In step S4, a mode determination is made to determine whether the mode is set to the photographing mode or the print mode. If the shooting mode is set, the operation as a digital camera is performed. That is, setting of various conditions necessary for exposure operation such as determination of exposure control value, determination of distance measurement information, presence or absence of strobe light emission, lens driving for focusing, shutter speed control, aperture opening amount control. If necessary, a series of exposure operations such as strobe light emission are performed. In this procedure, it is possible to branch to the photographing mode and the print mode after detecting the insertion of the media pack, but the apparatus of this example is simply used as a camera without mounting the media pack, that is, without assuming printing. In consideration of such a case, a process for forcibly shifting to the shooting mode may be added.

On the other hand, if the print mode is set, the following processing is performed. Here, the print mode includes an image photographed by the user in the photographing mode,
It can be set when an image stored in the F card 105 is selected, and a print button is operated to print the image.

FIG. 50 shows an example of the processing procedure in the print mode.

When this procedure is started, first, in step S1
At 0, an ink supply process is performed. The ink replenishment process includes an operation of setting a piston at a predetermined position in a cylinder of the pump B408 to apply a suction force to the ink chamber B304 (pump initialization; step S11), a needle and a suction port on the recording head side, Operation of retracting the cap lever arm B414 or the return lever B404 (cap arm lever return; step S12) prior to coupling the joints (B402Y, B402M, B402C) on the side of the apparatus and the suction cap B403, respectively, the coupling position Setting the carriage B301 at a predetermined position separated from the carriage (carriage position initialization; step S13), moving the carriage B301 from the position toward the coupling position, and keeping the carriage B301 at a sufficient and stable speed. age Operation for coupling the joints and suction cap of the needle and the suction ports of the recording head side and the device side, respectively (joint bond; step S14), and and the pump B40
8, an operation of introducing ink for one print medium into the ink chamber by applying a suction force to the ink chamber B304 (ink supply operation; step S15). In connection with the joint, the connection between the needle on the recording head side and the joint is started first.

When the ink replenishment operation is completed, a process of detaching the carriage B301 from the joint connection position (joint detachment; step S20) is performed. In this process, the carriage B is driven by the carriage motor.
301 is moved from the coupling position to the home position. At this time, the driving force of the pump B408 is transmitted via the cap arm lever, and the return lever B404 urges the carriage B408 toward the home position. , The detachment is performed smoothly.

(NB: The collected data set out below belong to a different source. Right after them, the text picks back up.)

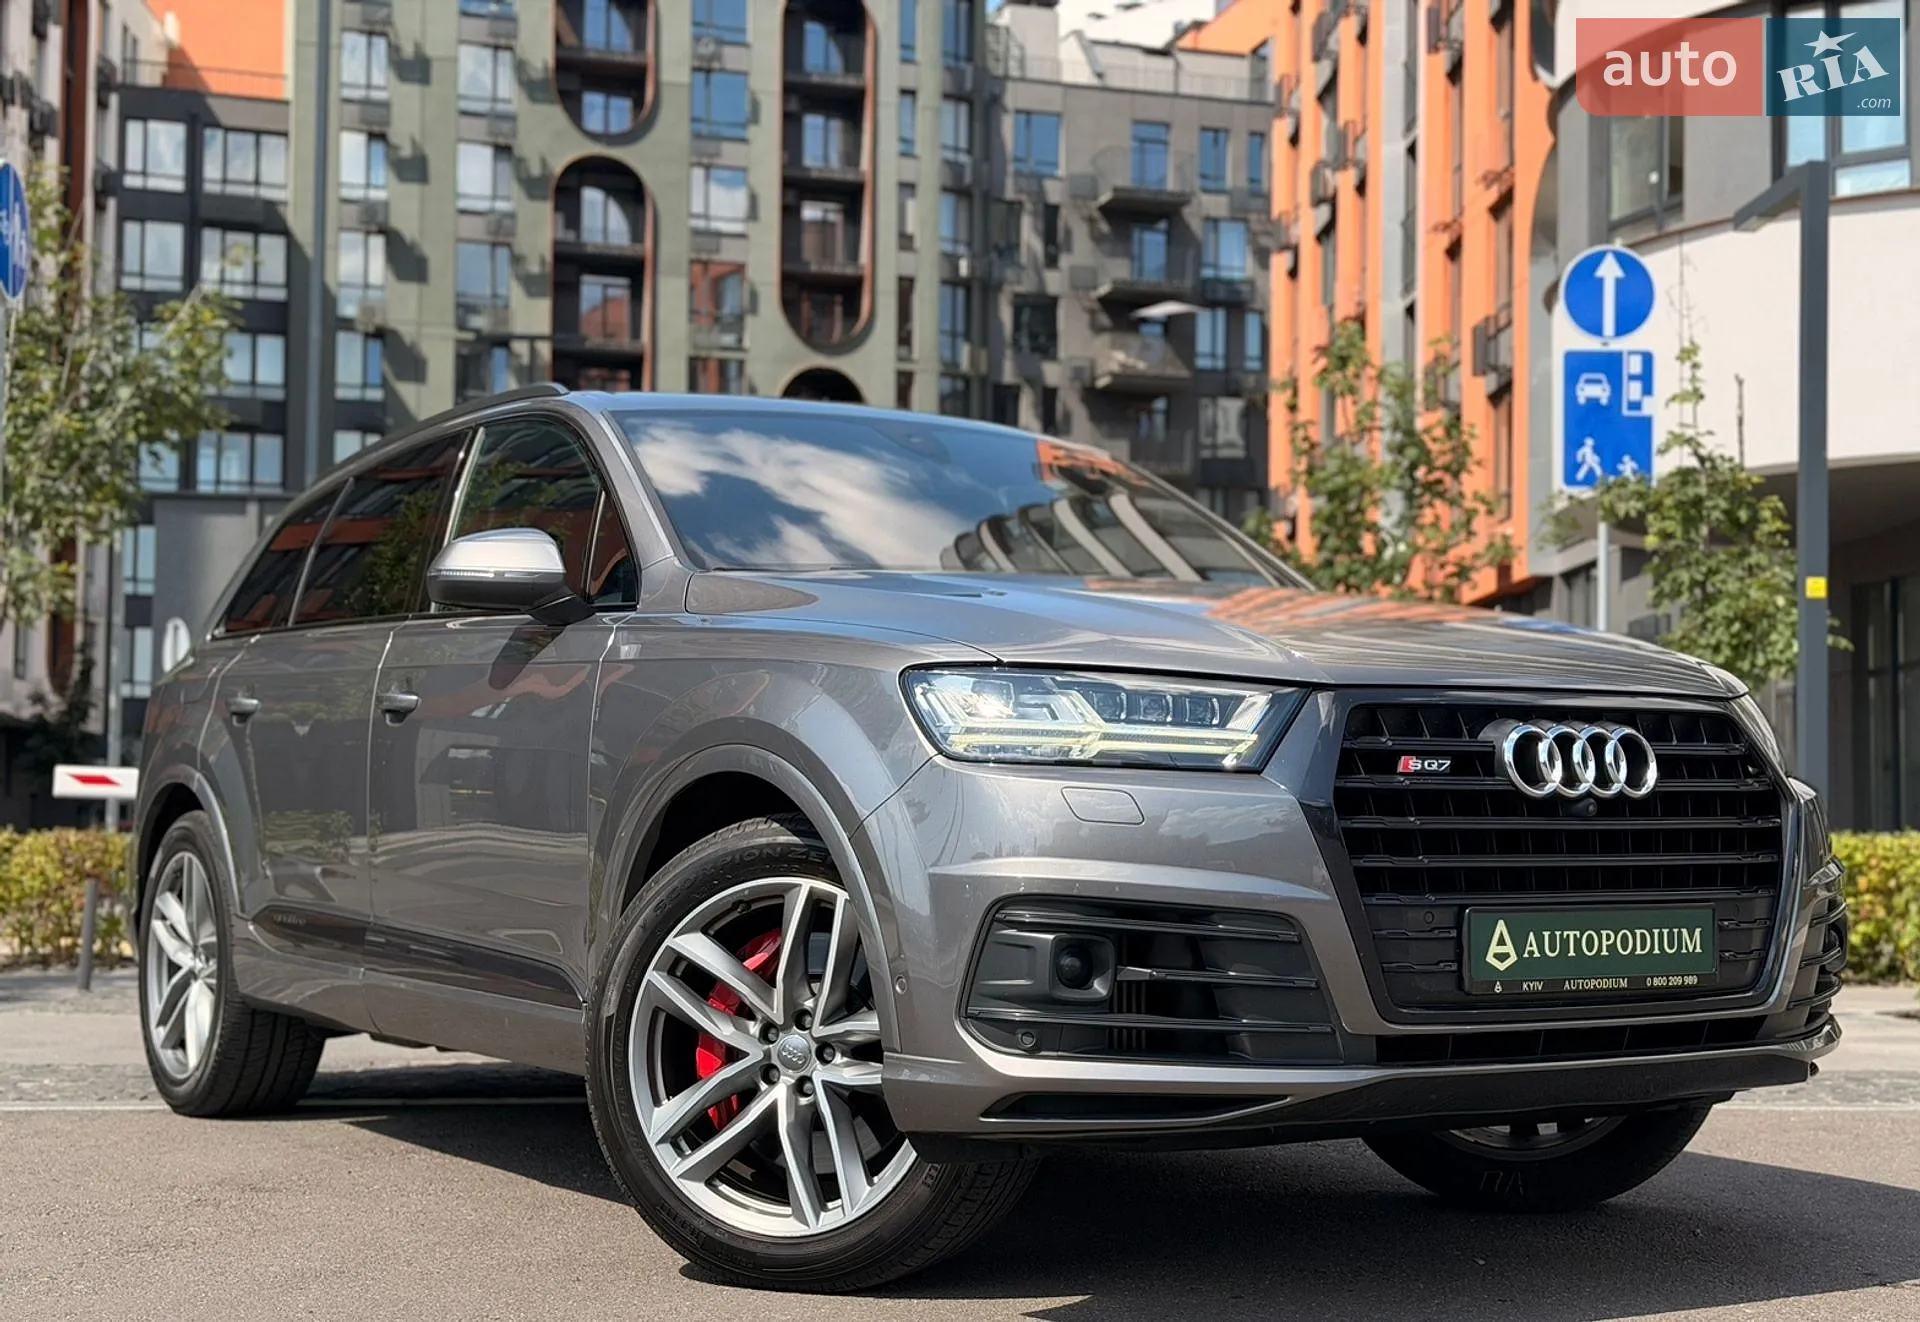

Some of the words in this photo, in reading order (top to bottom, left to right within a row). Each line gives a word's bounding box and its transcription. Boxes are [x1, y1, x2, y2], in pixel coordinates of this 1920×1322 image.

[1405, 757, 1452, 772] SQ7
[1522, 927, 1703, 958] AUTOPODIUM
[1522, 981, 1544, 992] KYIV
[1563, 978, 1628, 991] AUTOPODIUM
[1646, 976, 1652, 987] 0
[1653, 976, 1668, 986] 800
[1668, 975, 1682, 986] 209
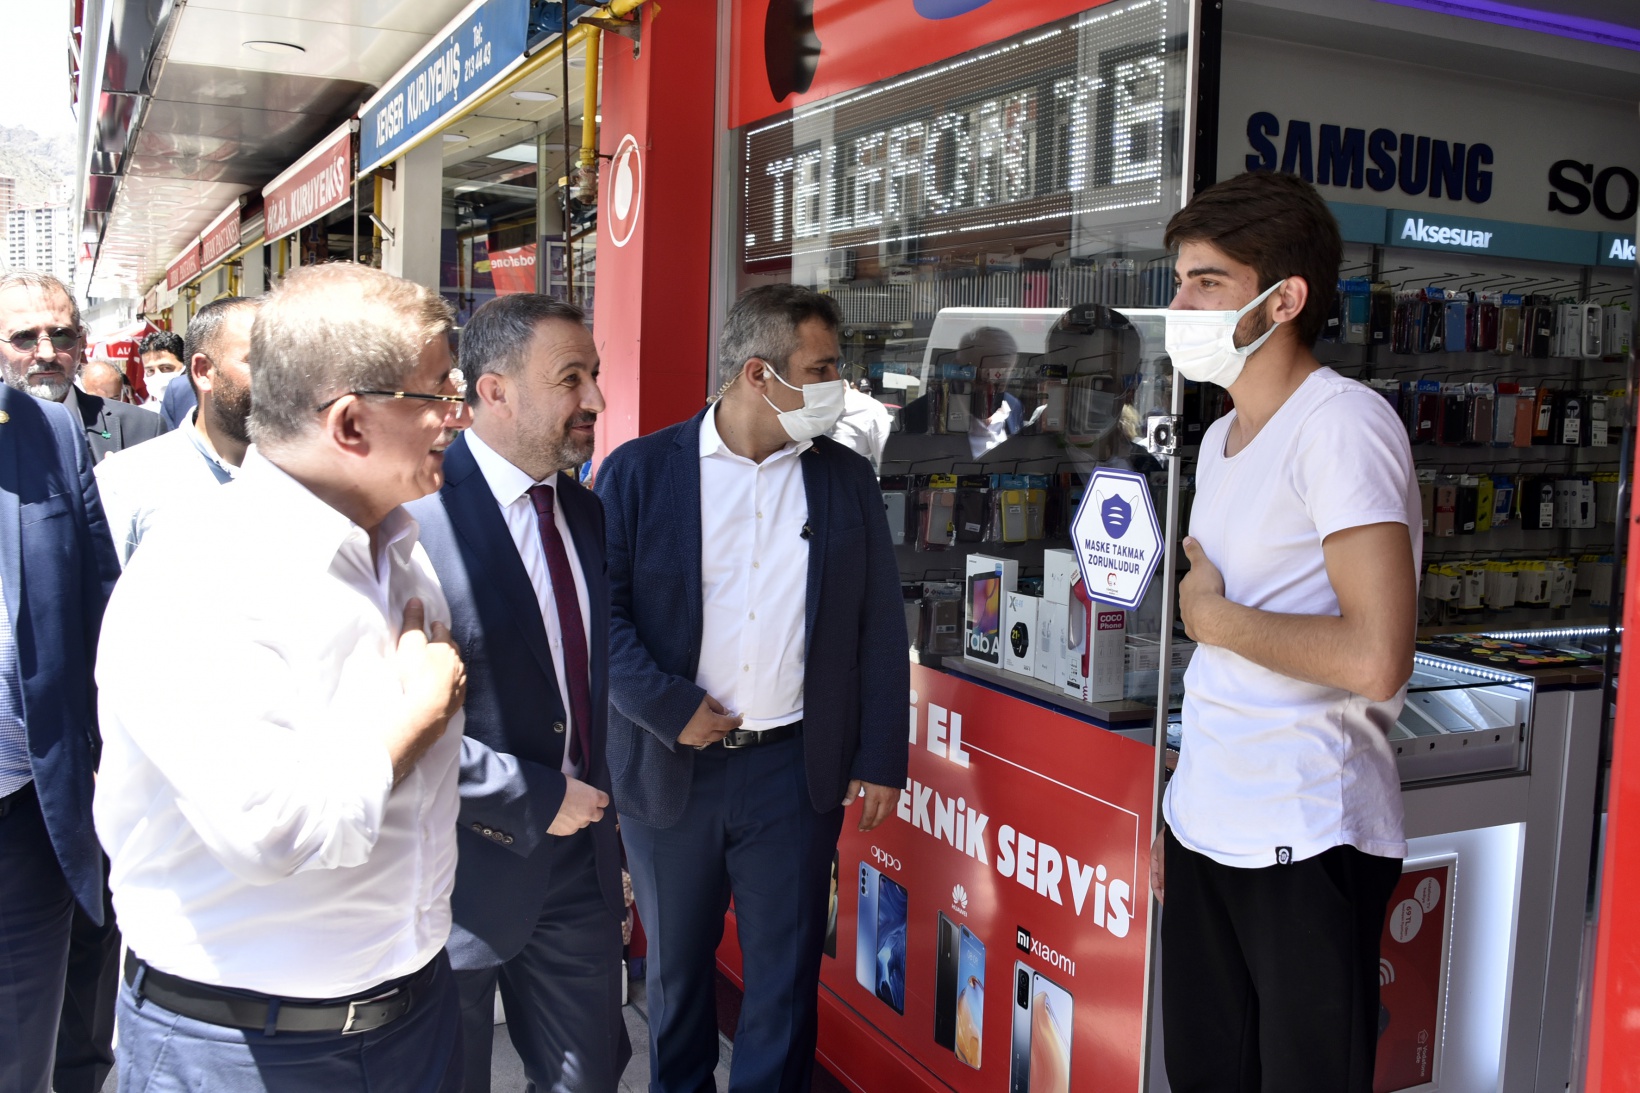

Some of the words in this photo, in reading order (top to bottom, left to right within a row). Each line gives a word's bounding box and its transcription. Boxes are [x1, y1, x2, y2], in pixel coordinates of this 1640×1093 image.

Next, in step S30, a recovery process is performed. This recovery processing is an operation of joining the cap B405 to the ejection port forming surface of the head (cap closing), and forcibly discharging the ink by operating the pump to suck the inside of the cap (suction recovery; step S31). An operation of separating the cap B405 from the discharge port forming surface (cap open; step S32), and an operation of causing the wiper to protrude and moving the carriage to wipe the discharge port forming surface with the wiper (wiping: step S32)
33) and the like.

Next, in step S40, a sheet feeding process is performed. The paper feeding process is an operation of holding the print medium stored in the pack by the pickup roller B201 and the pressing plate 202 by releasing the ASF trigger B209 (step S41), and rotating the paper supply roller to print the print medium. (Step S4)
2) The operation of moving the pickup roller B201 and the pressing plate 202 to the holding standby position again by the ASF trigger B209 with the start of feeding (Step S43), and the cueing operation of setting the leading end of the print medium to the print position (Step S43). Step S44).

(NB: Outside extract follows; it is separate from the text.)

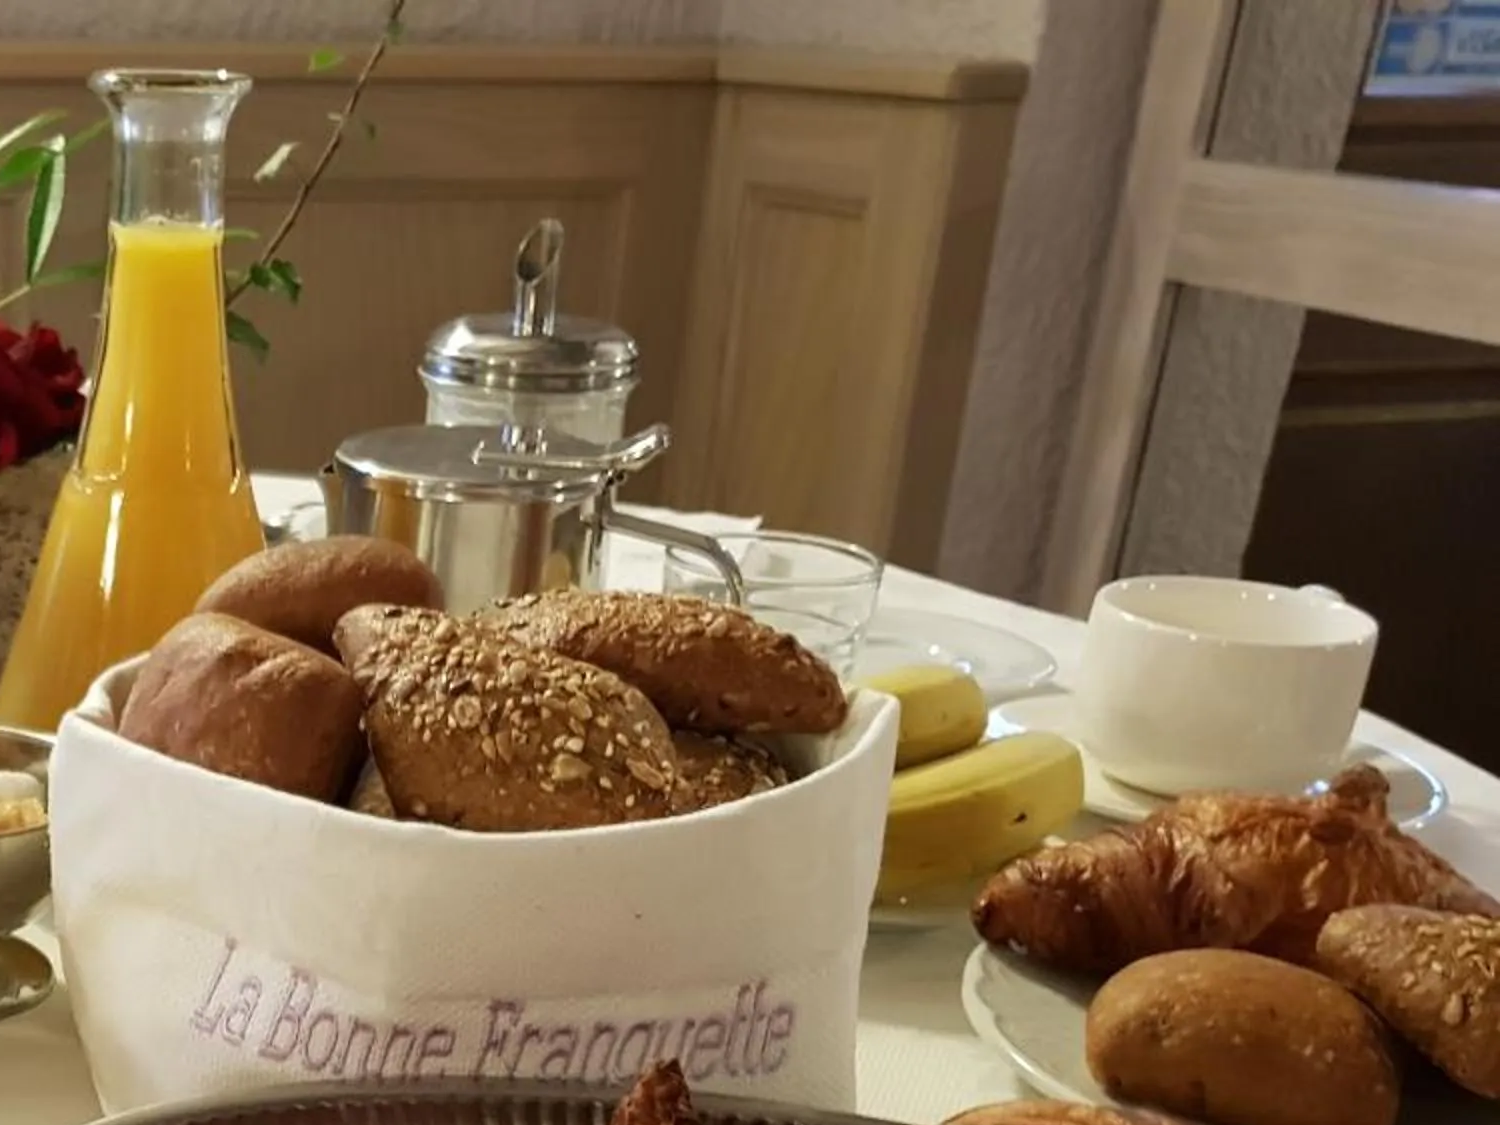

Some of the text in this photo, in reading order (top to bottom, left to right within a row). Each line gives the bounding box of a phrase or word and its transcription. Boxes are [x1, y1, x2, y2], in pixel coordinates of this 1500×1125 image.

[190, 935, 795, 1084] La Bonne Franquette

After the above processing is completed, a print processing is performed based on the image data (step S50).
That is, while alternately performing the scan of the print head and the conveyance of the print medium, the designated image forming operation is performed,
Thereafter, the print medium is discharged out of the apparatus.

After the print processing, an end operation is performed in step S60. The terminating process includes an operation of causing the wiper to protrude, moving the carriage B301, and wiping the discharge port forming surface by the wiper (wiping: step S61), an operation of retracting the wiper (step S62), and a cap B405. (Cap closing; step S63) and the like.

[0245]

As described above, the present invention provides a printer capable of mounting a consumable container for a printer, by providing a plurality of outlets for discharging ink to the consumable container for the printer. In addition, the ink discharged from various parts of the printer can be properly discharged in accordance with the discharge amount and discharge form.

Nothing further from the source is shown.